Vincent Koc from Comet ML highlights the limitations of traditional static AI evaluation methods and advocates for adaptive, continuous evaluation frameworks that evolve alongside dynamic, agentic AI systems. He proposes integrating telemetry and chaos engineering principles to create real-time, intent-driven assessments that better reflect real-world AI behavior and user interactions.
Vincent Koc from Comet ML discusses the evolving landscape of AI evaluation, emphasizing the shift from static benchmarks to adaptive, intent-driven systems. He begins by highlighting the traditional approach to software and AI evaluation, which relies heavily on static benchmarks, unit tests, and offline evaluations. While these methods have served well in conventional software engineering, they fall short in the dynamic and rapidly evolving world of AI, where models and applications continuously adapt and change. Vincent points out that this static mindset leads to gaps in understanding and managing AI behavior, especially as AI systems become more complex and agentic.
He introduces the concept of chaos engineering and observability as crucial practices in software development that are often missing in AI evaluation. Chaos engineering involves deliberately breaking systems to understand their limits, a practice that could greatly benefit AI systems by revealing weaknesses and areas for improvement. Vincent notes that current AI evaluations focus too much on benchmarks that do not keep pace with the fast-changing nature of AI applications. He stresses the need for evaluations that evolve alongside AI systems, adapting to new behaviors and contexts rather than relying on fixed datasets and tests.

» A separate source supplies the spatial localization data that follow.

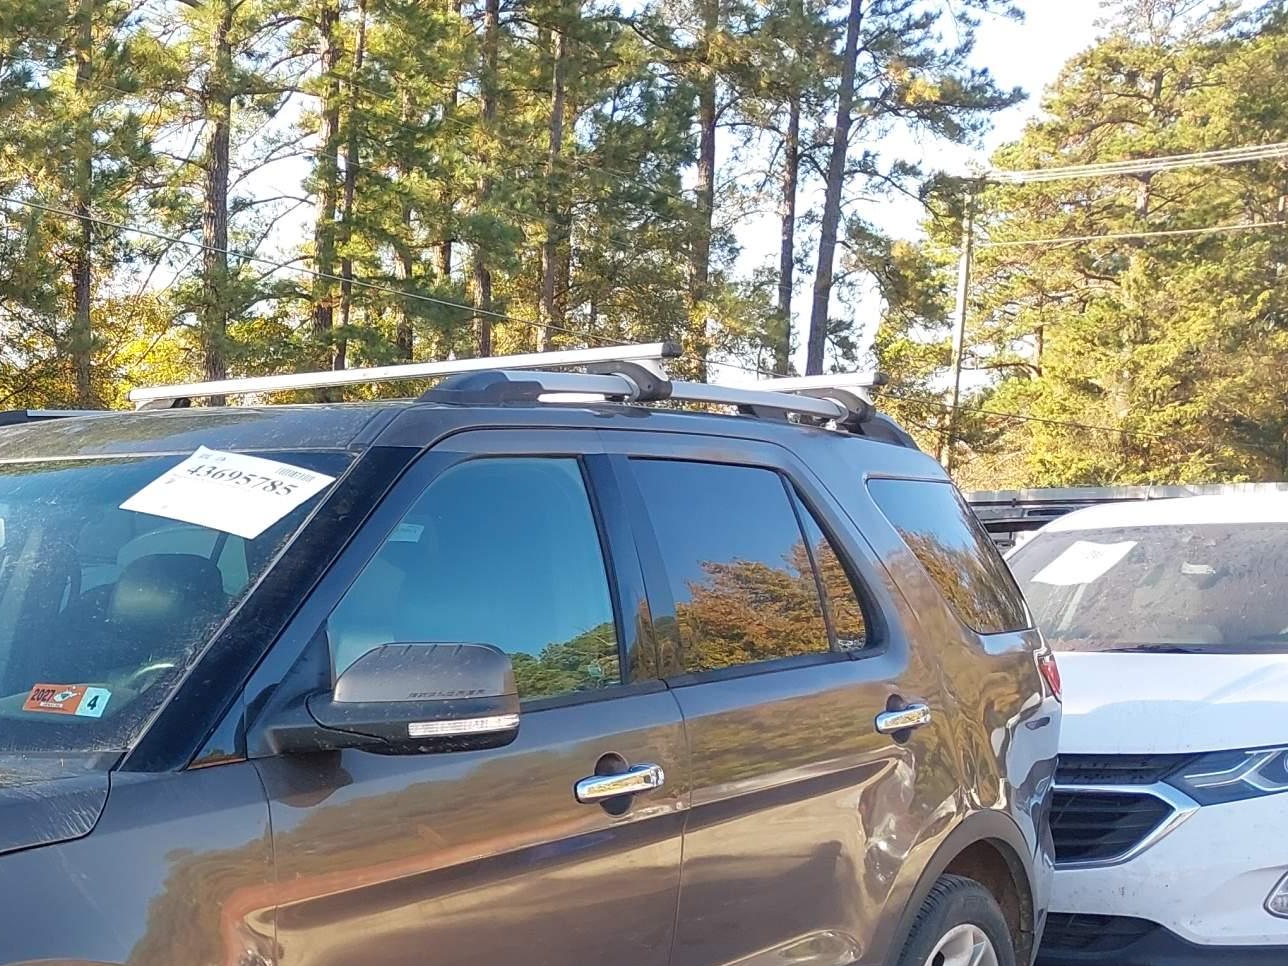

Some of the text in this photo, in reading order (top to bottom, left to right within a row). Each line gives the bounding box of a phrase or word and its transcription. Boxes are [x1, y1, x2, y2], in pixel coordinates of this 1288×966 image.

[187, 464, 299, 496] 43695785
[31, 688, 56, 702] 2027
[87, 695, 100, 711] 4
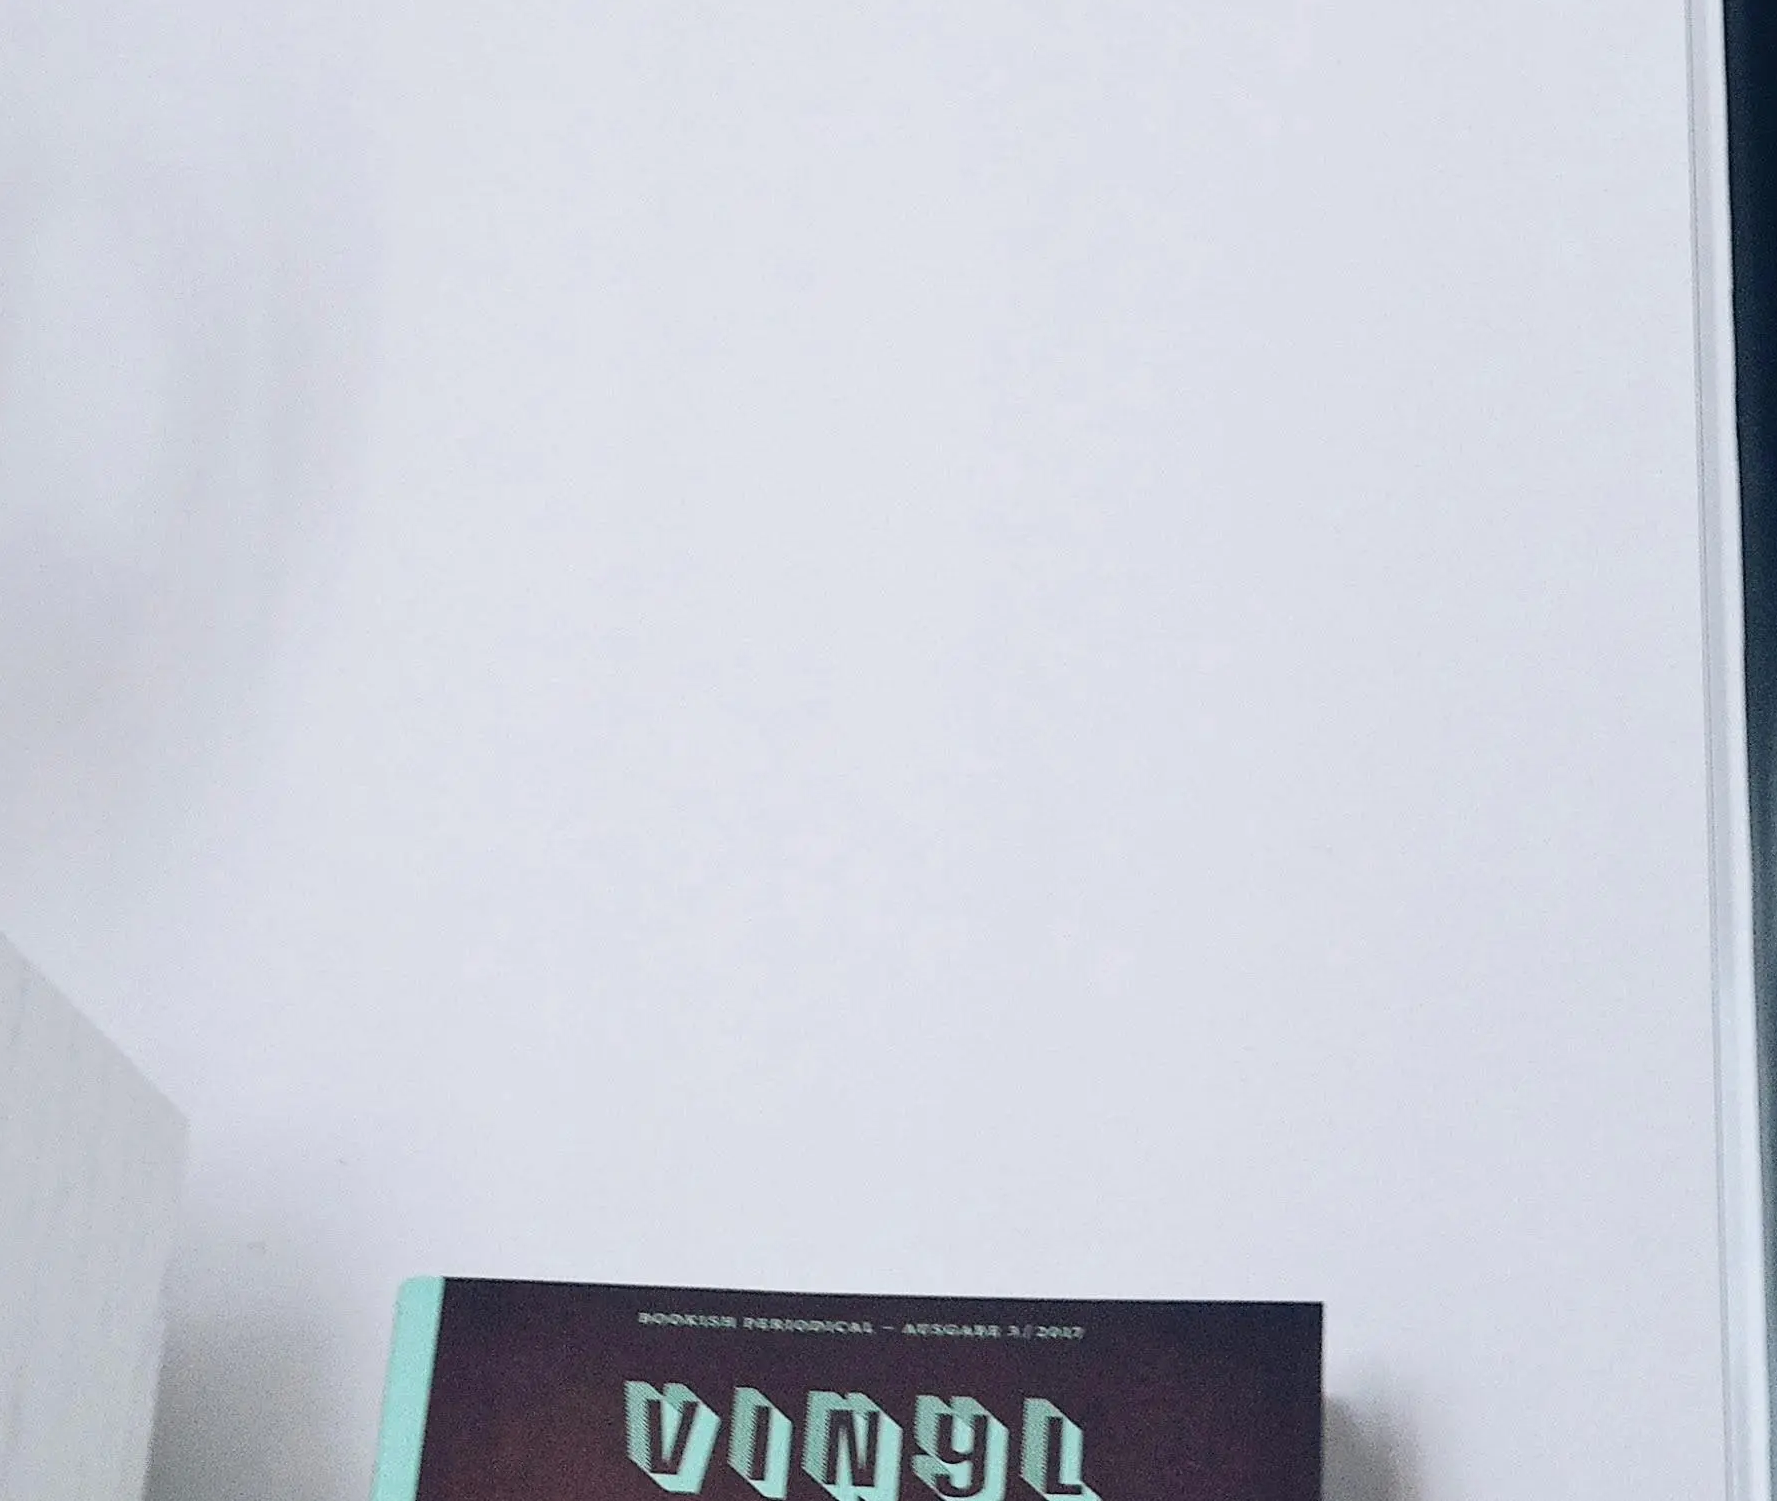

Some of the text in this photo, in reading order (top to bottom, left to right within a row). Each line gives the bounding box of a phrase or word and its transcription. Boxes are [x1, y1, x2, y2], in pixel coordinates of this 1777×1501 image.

[637, 1311, 737, 1329] BOOKISH
[742, 1316, 876, 1335] PERIODICAL
[623, 1379, 1105, 1501] VINYL

Vincent then traces the evolution of AI interaction from prompt engineering to context engineering and now to intent engineering. Prompt engineering, which involved trial-and-error with input prompts, has given way to more sophisticated methods like tool calling and retrieval-augmented generation (RAG), allowing for more modular and steerable AI agents. The latest phase, intent engineering, leverages the ability of AI systems to self-optimize based on user intent, making the evaluation process more complex but also more aligned with real-world usage. This shift challenges traditional evaluation methods because different users may experience AI agents differently, requiring more personalized and adaptive testing frameworks.

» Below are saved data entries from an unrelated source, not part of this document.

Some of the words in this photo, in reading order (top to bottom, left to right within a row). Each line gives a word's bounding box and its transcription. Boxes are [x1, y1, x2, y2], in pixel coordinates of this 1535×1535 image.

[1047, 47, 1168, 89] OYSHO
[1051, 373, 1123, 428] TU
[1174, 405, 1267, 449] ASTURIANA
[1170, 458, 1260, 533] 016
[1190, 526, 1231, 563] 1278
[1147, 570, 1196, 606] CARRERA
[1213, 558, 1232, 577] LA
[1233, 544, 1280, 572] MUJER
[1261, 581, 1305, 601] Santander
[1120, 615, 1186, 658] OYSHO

To address these challenges, Vincent proposes a new paradigm where evaluations are continuous, adaptive, and integrated into the AI system itself. He envisions evaluations that use telemetry and trace data to detect changes in user behavior or system performance, enabling the AI to self-correct and optimize in real time. This approach treats evaluations not as static datasets but as living, evolving processes that respond to the environment and user needs. He calls this concept “eval calcification,” highlighting the risk of evaluations becoming outdated unless they evolve alongside AI systems.
In conclusion, Vincent urges the AI community to rethink evaluation as a dynamic, ongoing process that embraces the malleability of modern AI. He encourages viewing evaluations as code or living agents that continuously adapt, rather than fixed points in time. This mindset shift is essential for managing the unpredictable 20% of AI behavior that can cause significant issues in production. While his team at Comet ML is still developing these adaptive evaluation systems, Vincent’s insights provide a roadmap for future AI evaluation practices that are more resilient, responsive, and aligned with the realities of agentic AI.